— EXERCISE OBJECTIVE —
Output the listing below exactly, minus its images.
[Start of Attachment]
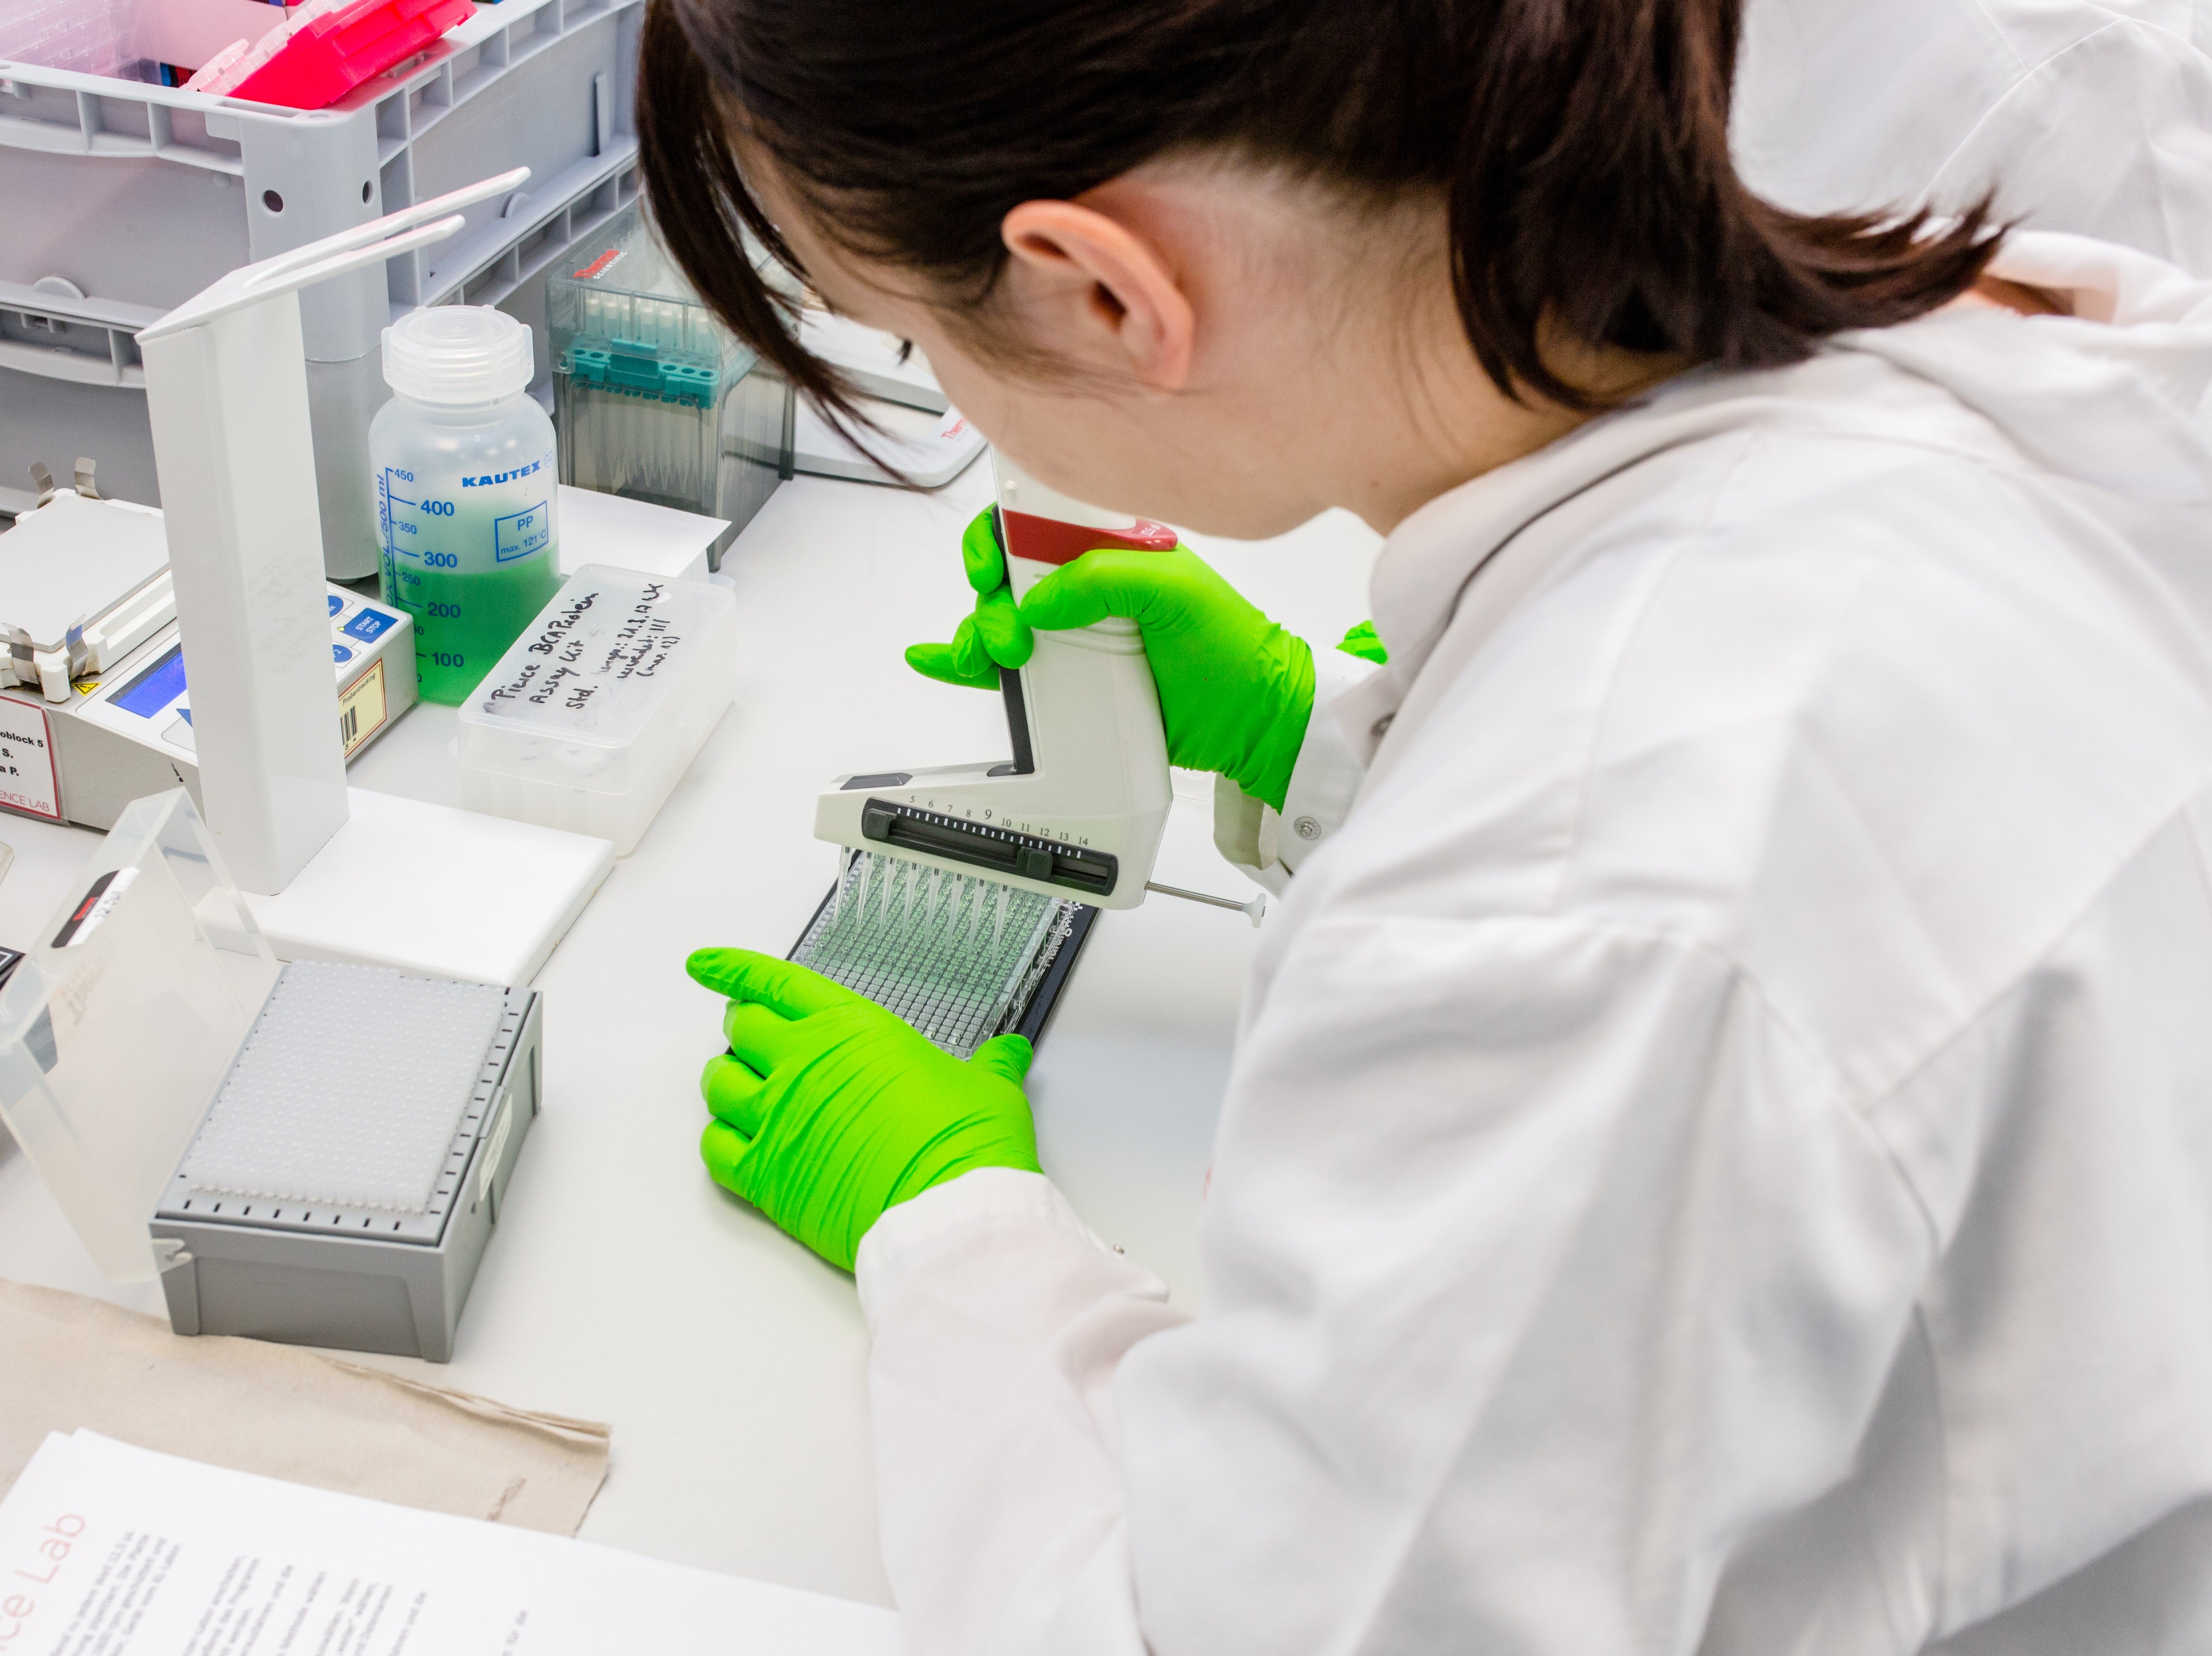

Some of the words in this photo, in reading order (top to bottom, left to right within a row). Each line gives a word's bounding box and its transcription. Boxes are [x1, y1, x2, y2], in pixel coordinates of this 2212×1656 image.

[593, 251, 628, 279] SCIENTIFIC
[394, 468, 413, 482] 450
[462, 460, 542, 487] KAUTEX
[421, 500, 455, 516] 400
[399, 521, 417, 534] 350
[518, 515, 533, 531] PP
[501, 545, 521, 554] max.
[424, 551, 458, 568] 300
[402, 572, 421, 586] 250
[428, 602, 461, 618] 200
[355, 616, 374, 631] START
[366, 621, 381, 634] STOP
[432, 652, 464, 668] 100
[343, 673, 376, 706] Probentracking
[529, 667, 581, 704] Assay
[2, 748, 13, 758] S.
[10, 766, 19, 776] P.
[29, 798, 50, 811] LAB
[928, 799, 934, 808] 6
[984, 809, 992, 819] 9
[1001, 818, 1011, 827] 10
[1021, 823, 1029, 832] 11
[1040, 828, 1050, 836] 12
[1059, 832, 1069, 841] 13
[1079, 836, 1088, 845] 14
[14, 1513, 86, 1584] Lab
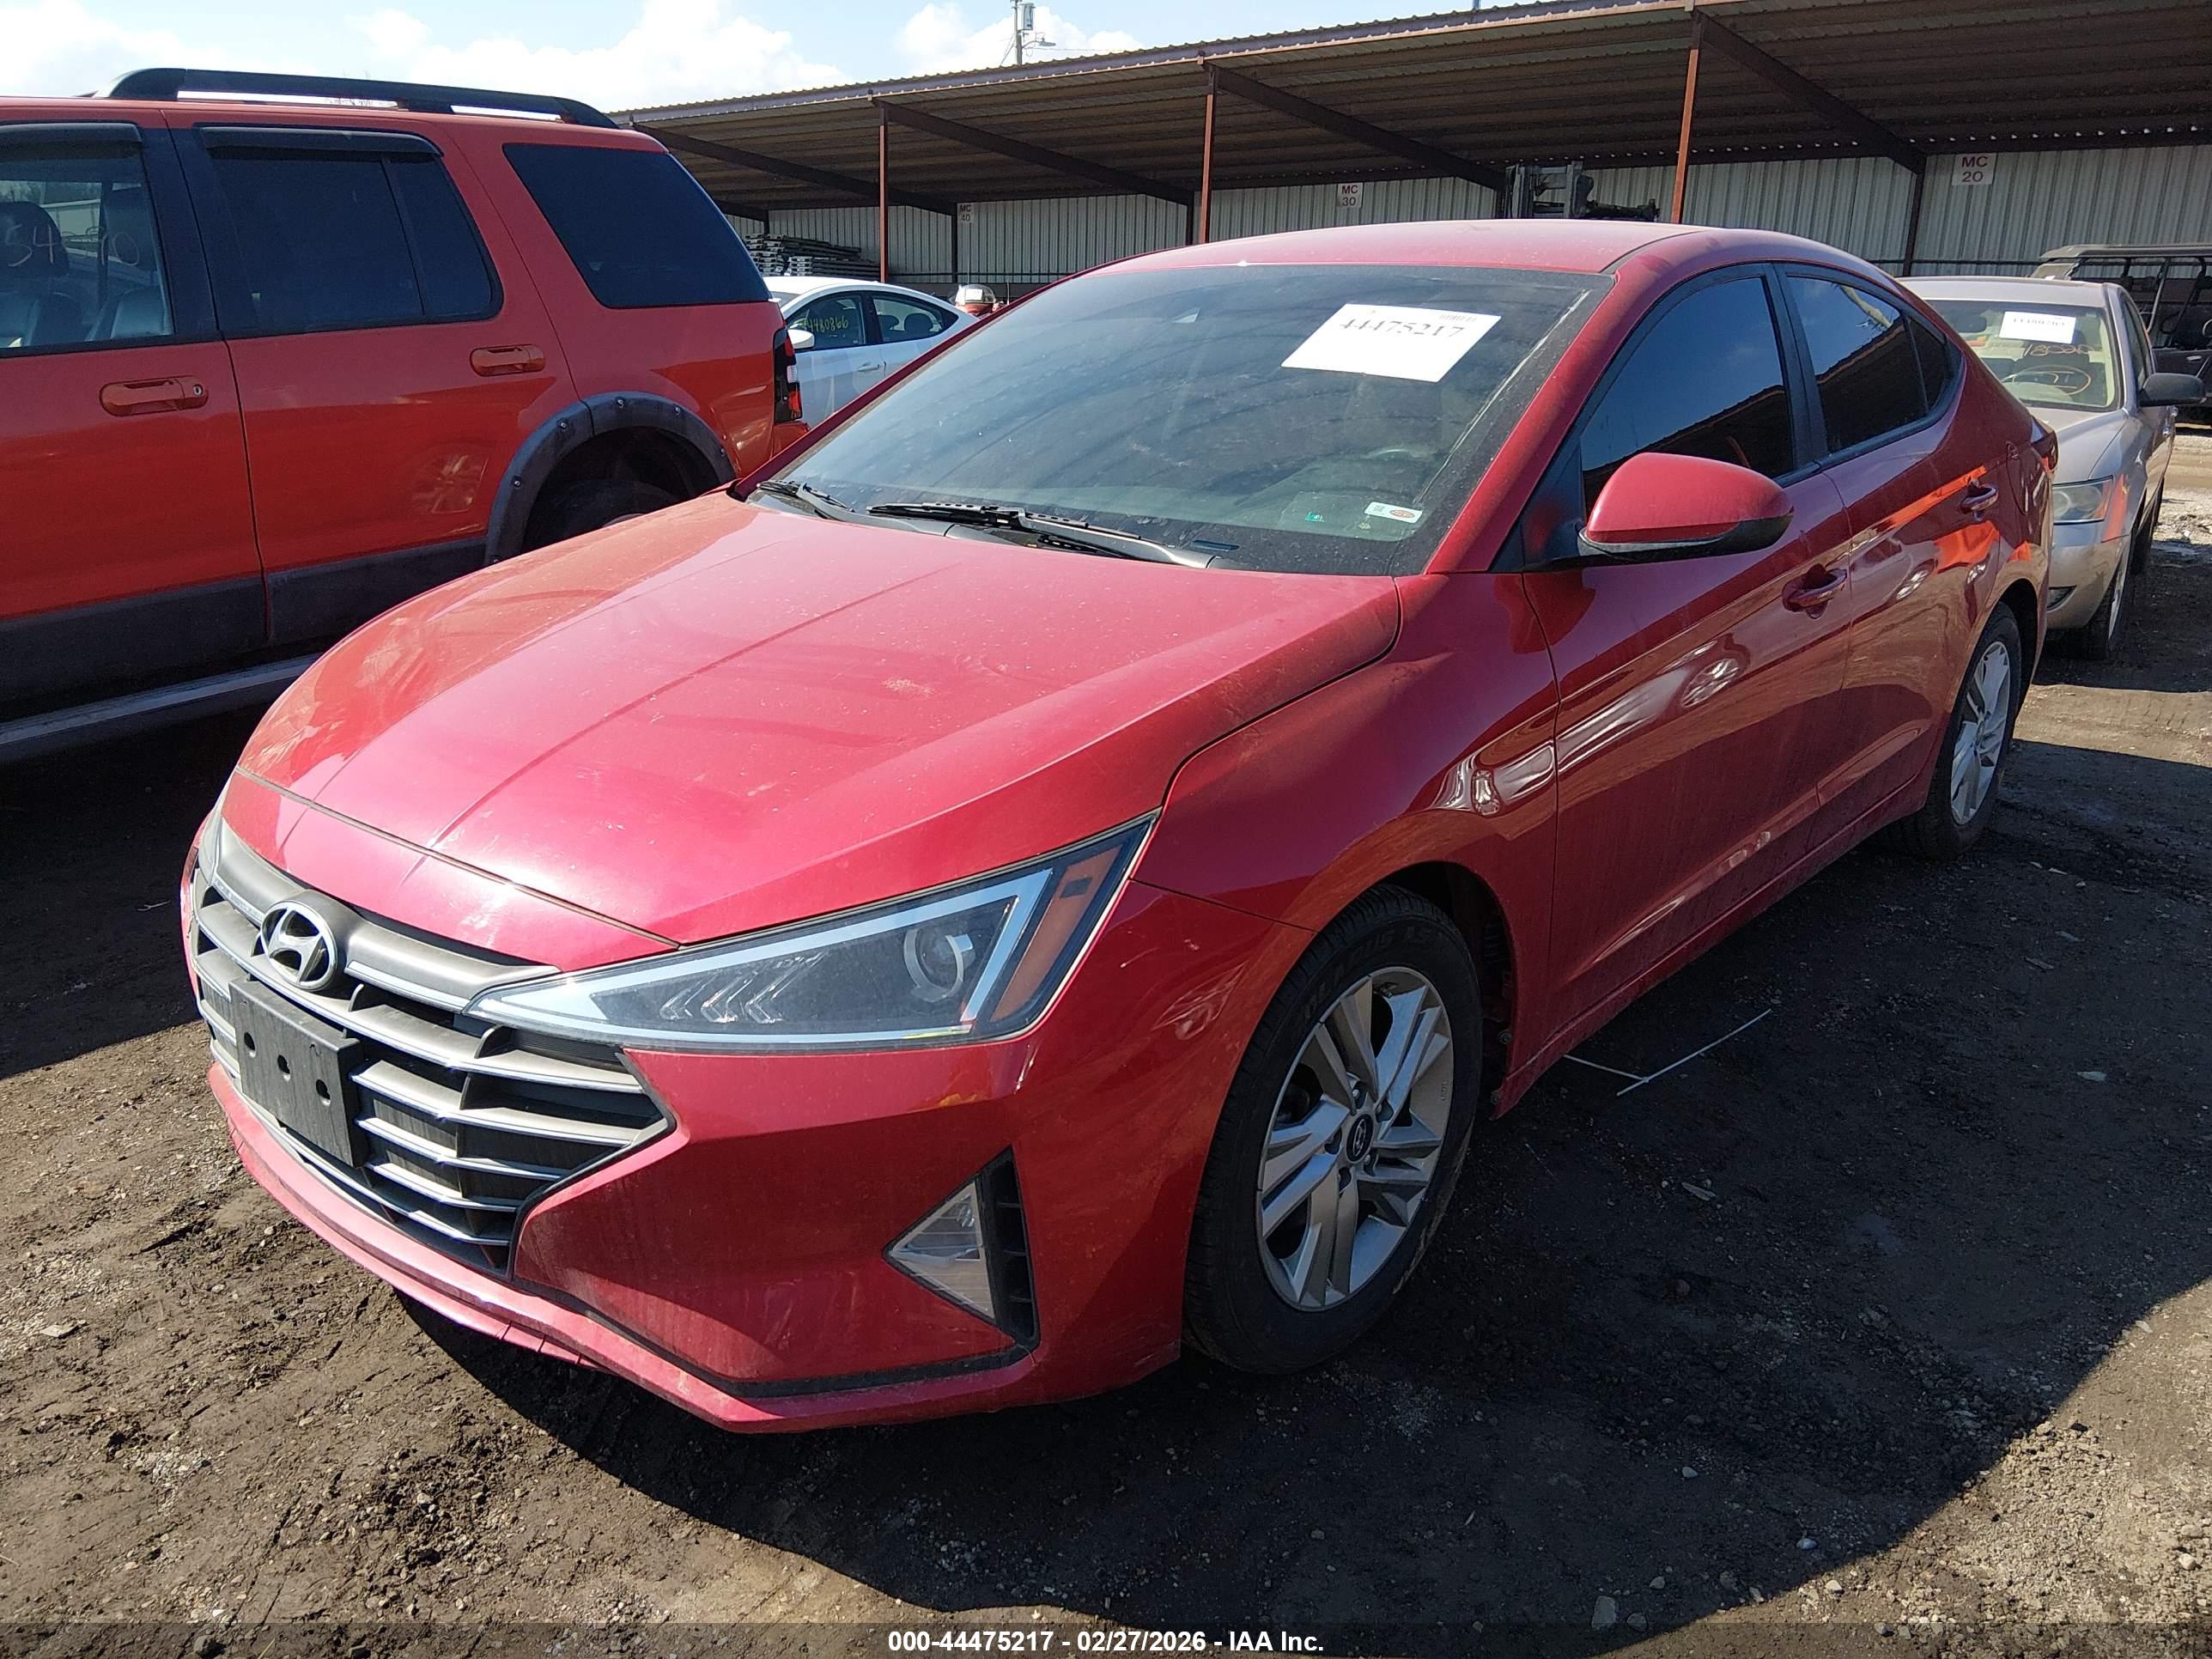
[End of Attachment]
— COMPLETED TASK —
Some of the words in this photo, in reading order (top to bottom, left to right within a row). Each line gives a word's bounding box and its transcription. Boxes are [x1, y1, x2, y2], in pixel coordinates of this 2212×1656 image.

[593, 251, 628, 279] SCIENTIFIC
[394, 468, 413, 482] 450
[462, 460, 542, 487] KAUTEX
[421, 500, 455, 516] 400
[399, 521, 417, 534] 350
[518, 515, 533, 531] PP
[501, 545, 521, 554] max.
[424, 551, 458, 568] 300
[402, 572, 421, 586] 250
[428, 602, 461, 618] 200
[355, 616, 374, 631] START
[366, 621, 381, 634] STOP
[432, 652, 464, 668] 100
[343, 673, 376, 706] Probentracking
[529, 667, 581, 704] Assay
[2, 748, 13, 758] S.
[10, 766, 19, 776] P.
[29, 798, 50, 811] LAB
[928, 799, 934, 808] 6
[984, 809, 992, 819] 9
[1001, 818, 1011, 827] 10
[1021, 823, 1029, 832] 11
[1040, 828, 1050, 836] 12
[1059, 832, 1069, 841] 13
[1079, 836, 1088, 845] 14
[14, 1513, 86, 1584] Lab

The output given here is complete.